Congo red dye (CR) effluent is a toxic waste of environmental concern due to its carcinogenic, mutagenic, and other associated toxicities, its artificial origin, and its complex molecular structure, which make it not easily biodegradable via normal biological wastewater purification methods. In this view, the present work focused on using the adsorption method to
completely remove CR from effluent by investigating the adsorptive qualities of acid-modified Ihiala clay (PIC) for CR removal from industrial effluent. The batch system was applied to investigate the influence of process-independent variables with regard to adsorption.

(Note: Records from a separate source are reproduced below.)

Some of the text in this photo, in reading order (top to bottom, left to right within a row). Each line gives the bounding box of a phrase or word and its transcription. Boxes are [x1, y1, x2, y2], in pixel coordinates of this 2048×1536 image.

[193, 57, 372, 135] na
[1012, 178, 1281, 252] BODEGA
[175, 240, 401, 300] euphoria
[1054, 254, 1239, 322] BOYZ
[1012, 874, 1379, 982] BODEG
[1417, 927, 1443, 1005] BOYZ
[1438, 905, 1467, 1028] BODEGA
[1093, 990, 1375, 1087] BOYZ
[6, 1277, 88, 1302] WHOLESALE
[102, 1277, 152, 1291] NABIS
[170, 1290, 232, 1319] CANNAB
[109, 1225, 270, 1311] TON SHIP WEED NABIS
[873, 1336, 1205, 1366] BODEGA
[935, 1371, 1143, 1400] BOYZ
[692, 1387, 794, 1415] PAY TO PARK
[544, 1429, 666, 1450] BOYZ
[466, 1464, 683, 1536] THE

The
mechanism of adsorption was investigated using intra-particle diffusion, liquid film, and the Boyd model. The thermodynamic properties ΔS, ΔH, ΔG, and Ea were determined. The application of the ANN, ANFIS, and RSM models was to predict the optimum removal efficiency of CR under different variables (temperature, pH, concentration, and contact time) using PIC. The activation resulted in an increase in surface area. Maximum CR removal of 99.3% was observed at pH 2, an adsorbent dosage of 1 g, an adsorbent particle size of 75 μm, an initial dye concentration of 100 mg/l, a contact time of 120 min, and a temperature of 303 k. A maximum
adsorption capacity of 127.24 mg/g was obtained. The adsorption mechanism result indicated that the liquid film diffusion process was the rate-limiting step. Thermodynamic results suggested the adsorption process to be endothermic, favorable, spontaneous, and physical. The ANFIS model, with a coefficient of determination of 99.6%, was statistically more significant
than the ANN and RSM models. A maximum desorption capacity of 97.5% was achieved after five cycles. Based on the results, PIC is a very reliable and cost-effective alternative adsorbent for CR removal from effluents.